While an FEL I package is generally based upon preliminary
information, getting it right lays the foundation for subsequent
successful FEL phases. One factor that can significantly affect the
level of effort required is the accuracy and availability of documentation regarding existing conditions. If the information is
not available, it usually leads to simplifying assumptions (about
the adequacy of electrical power or other utilities, for example),
which may not be valid.
FEL II: Preliminary engineering / financial justification
Approval of the FEL I package allows for the project to proceed
through the first gate into the FEL II phase. The critical element
of the FEL II phase is to formalize the project scope. There may
still be some synchronous opportunities to evaluate, but very
limited alternatives to the design basis upon completion.
FEL II begins after the preliminary business case has been
presented to senior management, which will determine whether
to authorize funding to proceed into the next phase. Depending
upon the scope of the project, the FEL II phase may take
anywhere from one to three months.
The primary objective of the FEL II phase is to “freeze” the
project’s scope and eliminate many of the assumptions and risks
identified during FEL I. Other important activities in this phase
include the assignment of an overall project manager, assembly
of a project team, and the identification of key stakeholders who
should (but without a structured program, often don’t) participate in project development.

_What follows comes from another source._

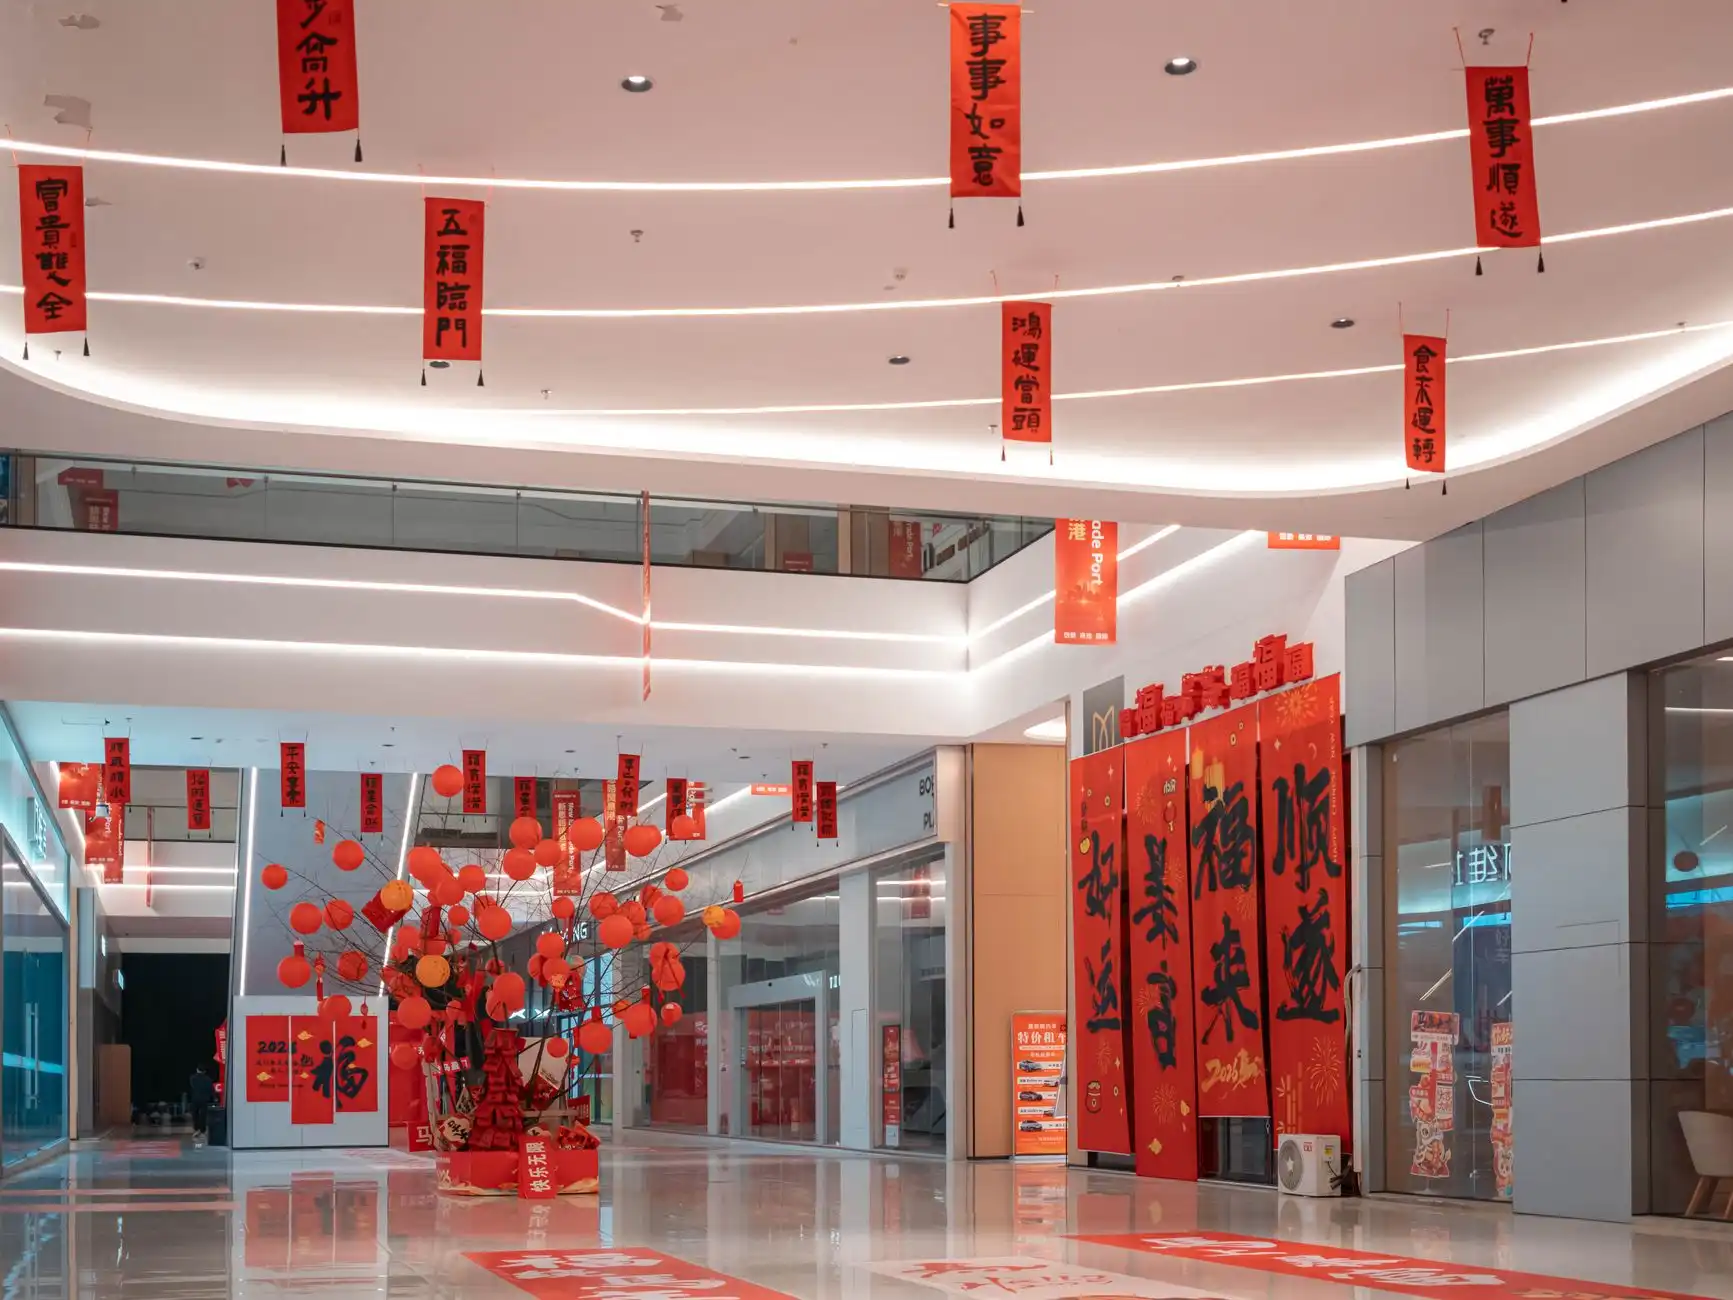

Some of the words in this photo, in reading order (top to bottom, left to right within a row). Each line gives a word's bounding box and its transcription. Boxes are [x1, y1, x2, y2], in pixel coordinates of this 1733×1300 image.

FEL II also moves the engineering design ahead to a point
where it becomes possible to validate the business case, identify
and quantify key risks, and forecast the necessary capital
commitment within a much narrower range. The cost estimate is
refined to an accuracy range of approximately +/- 25%.

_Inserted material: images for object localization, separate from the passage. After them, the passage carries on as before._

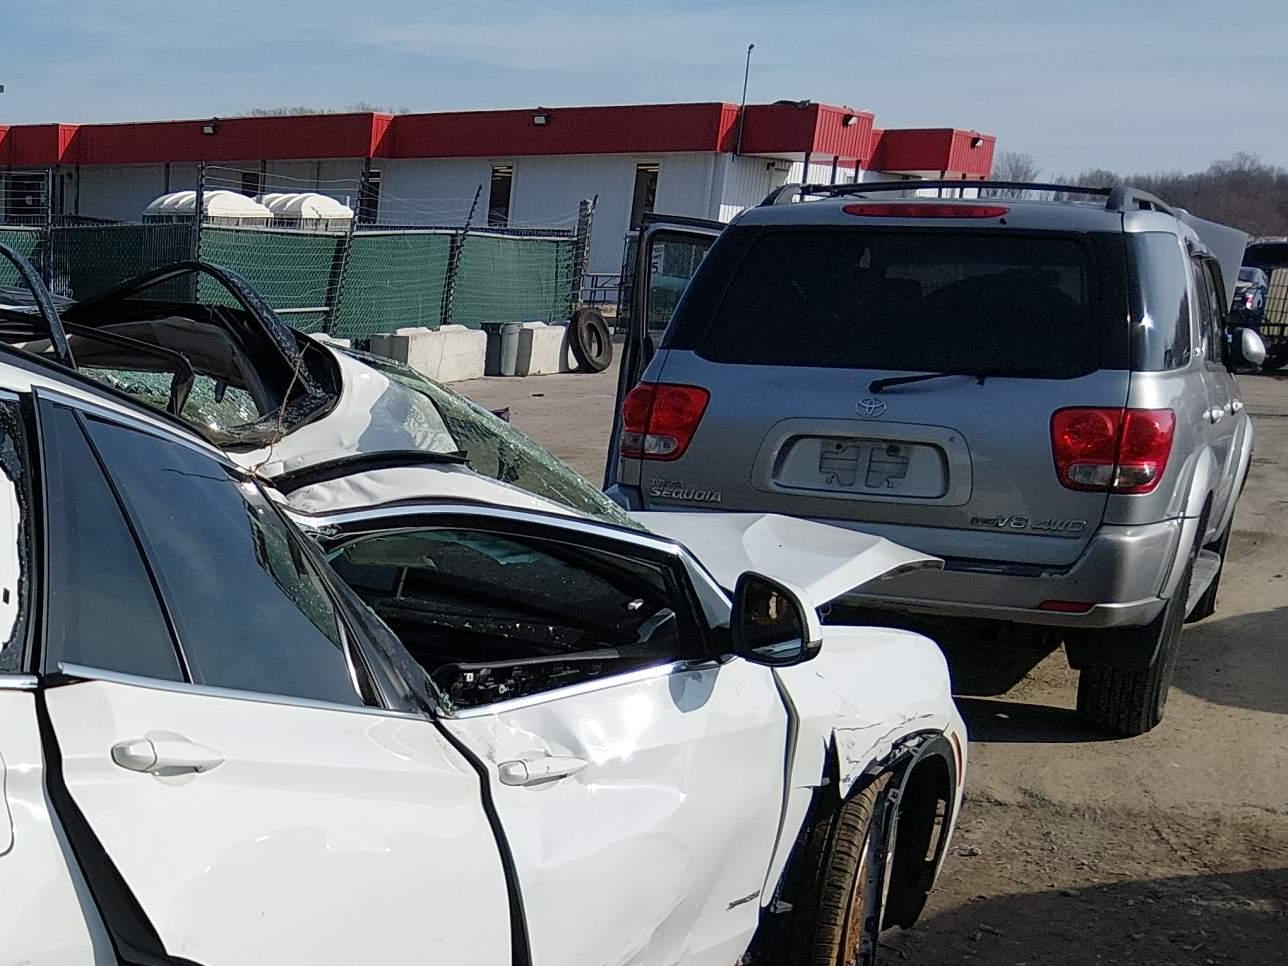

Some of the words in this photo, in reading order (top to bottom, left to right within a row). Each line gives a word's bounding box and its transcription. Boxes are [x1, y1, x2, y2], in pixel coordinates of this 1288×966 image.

[650, 486, 722, 503] SEQUOIA
[998, 513, 1030, 529] V8
[1031, 519, 1087, 532] 4WD
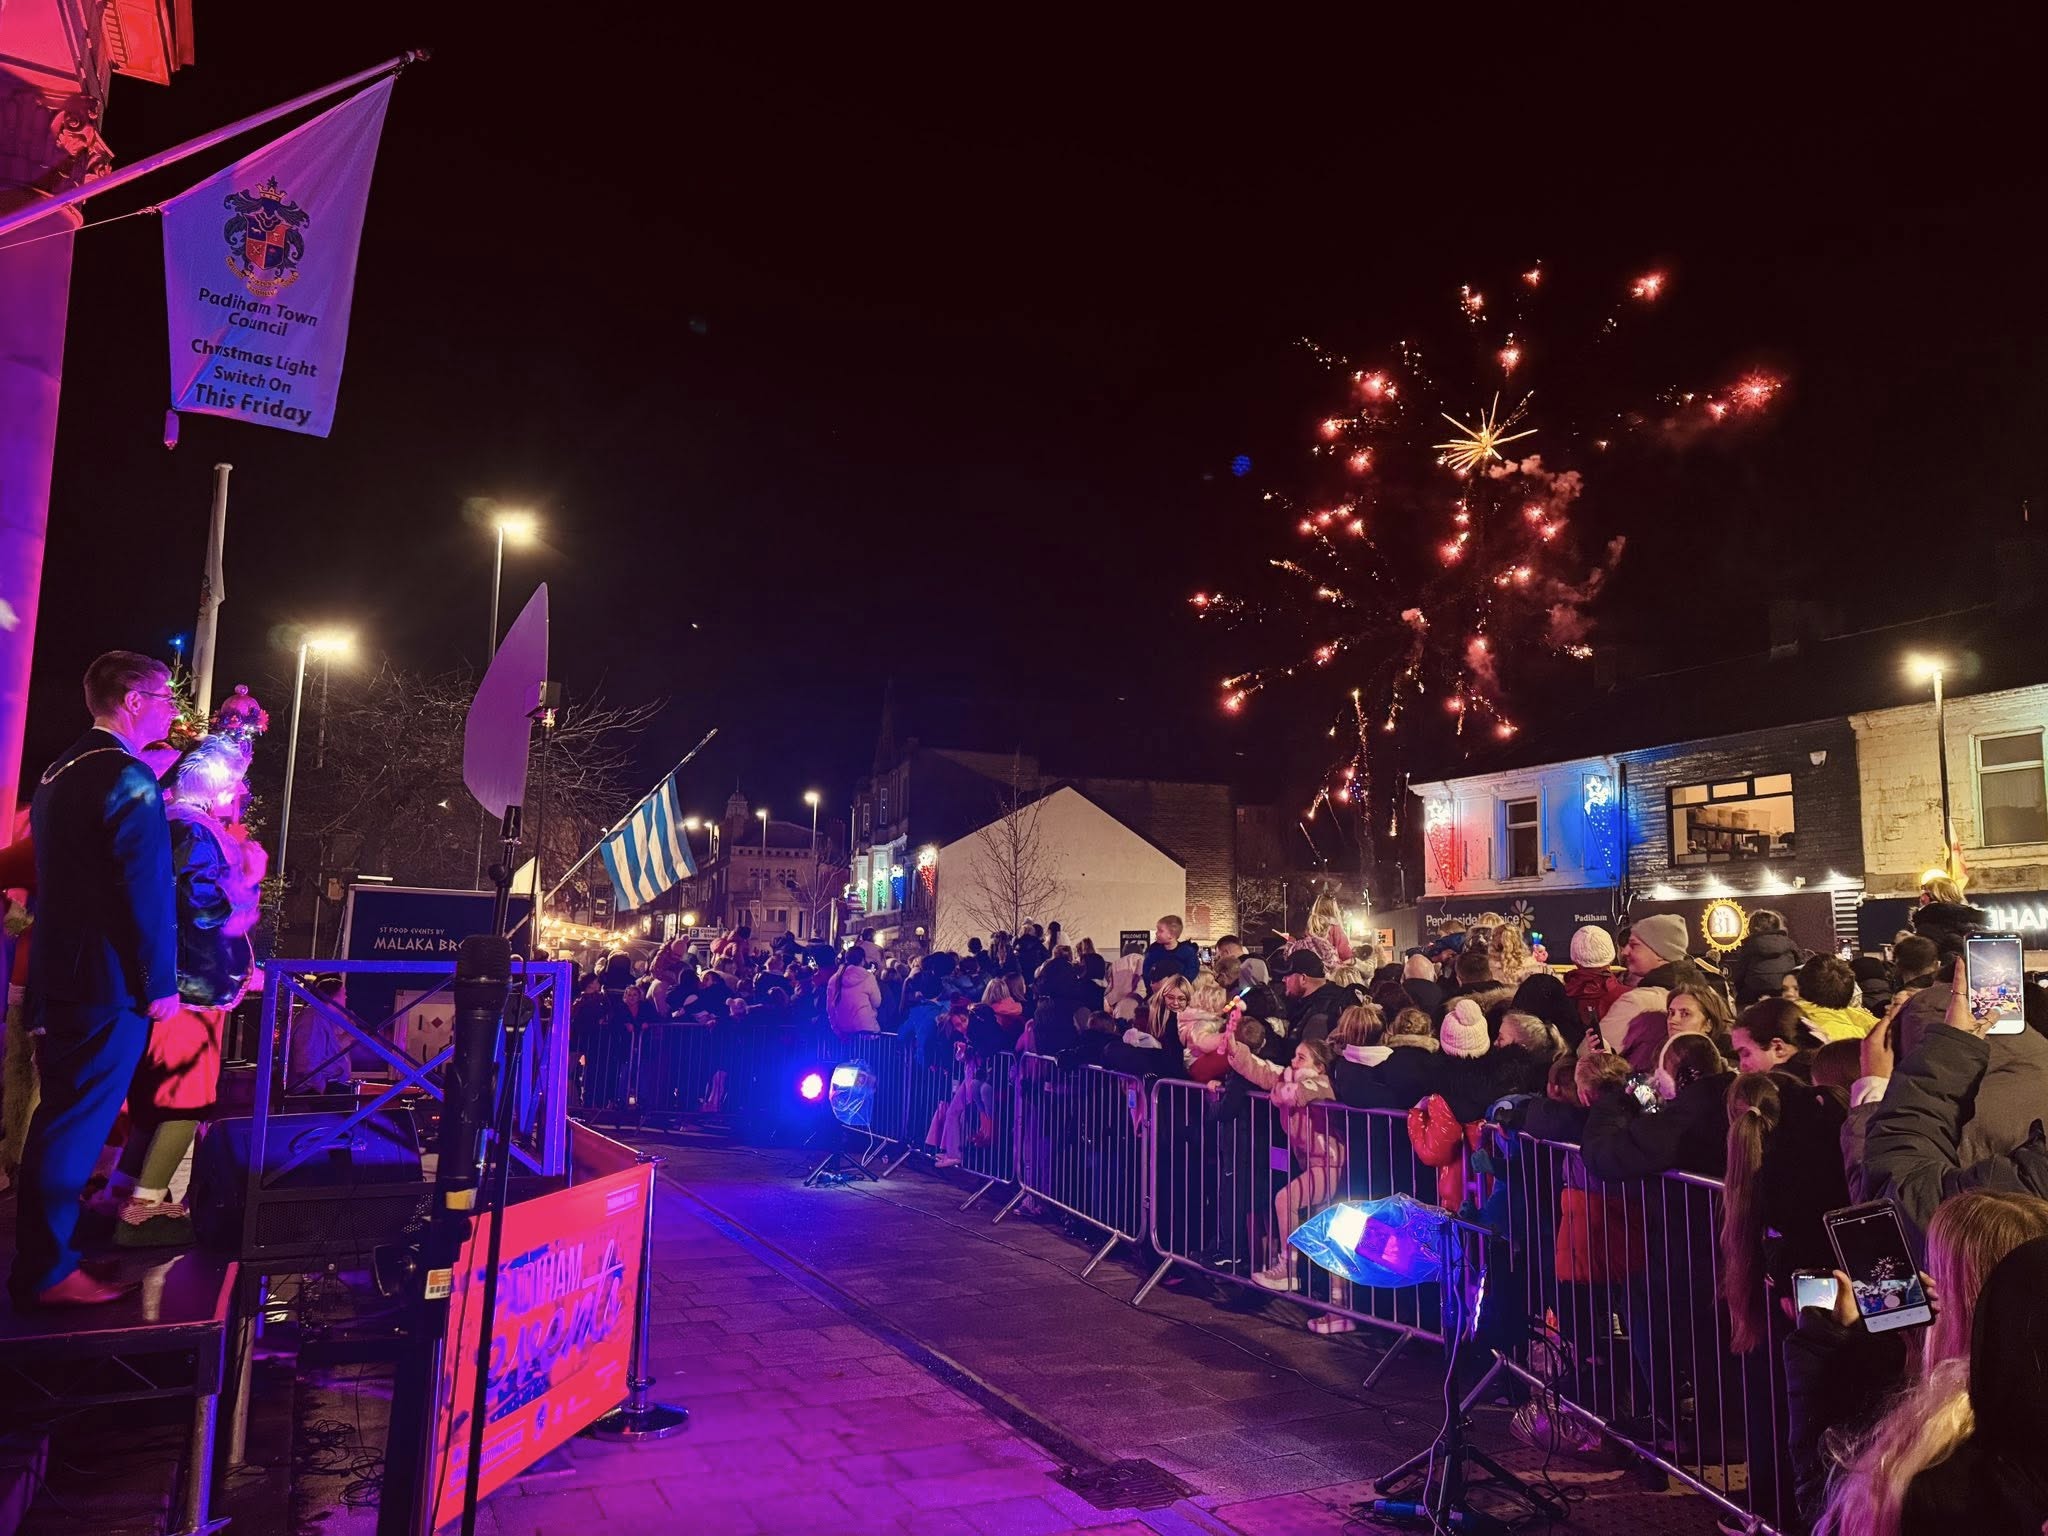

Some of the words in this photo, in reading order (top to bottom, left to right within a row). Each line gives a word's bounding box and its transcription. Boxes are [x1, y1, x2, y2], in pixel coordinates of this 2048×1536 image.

[198, 287, 271, 315] Padiham
[277, 303, 318, 327] Town
[228, 312, 288, 336] Council
[276, 355, 317, 377] Light
[214, 365, 265, 388] Switch
[269, 377, 292, 394] On
[196, 383, 235, 408] This
[240, 394, 313, 426] Friday
[1574, 914, 1608, 922] Padiham
[389, 926, 408, 934] FOOD
[410, 927, 434, 935] EVENTS
[374, 937, 434, 951] MALAKA

In addition, the final FEL II package will typically include a
milestone schedule as well as a procurement strategy, specifications for long lead equipment, and a preliminary start-up plan to
establish requirements for commissioning, qualification, and
A well-executed FEL II can produce dramatic cost savings.
During a recent project for the design of a cereal production
line, the conceptual design of a complex dust collection system
included 10 stainless steel platforms for equipment access.
The 30–40 foot-long platforms would span over five conveyor
systems, and each one would require 10 handrail gates.
Determined to simplify the overall design before freezing the
scope, the engineering team modified the ductwork layout and
blast gate locations. This relatively simple change made it possible to eliminate seven of the platforms and cut $471,640 from
the construction budget.
FEL III: Basic engineering / financial budget
A completed FEL III concludes the capital appropriation request
process with the submission of supporting documentation to
senior management and approval committees.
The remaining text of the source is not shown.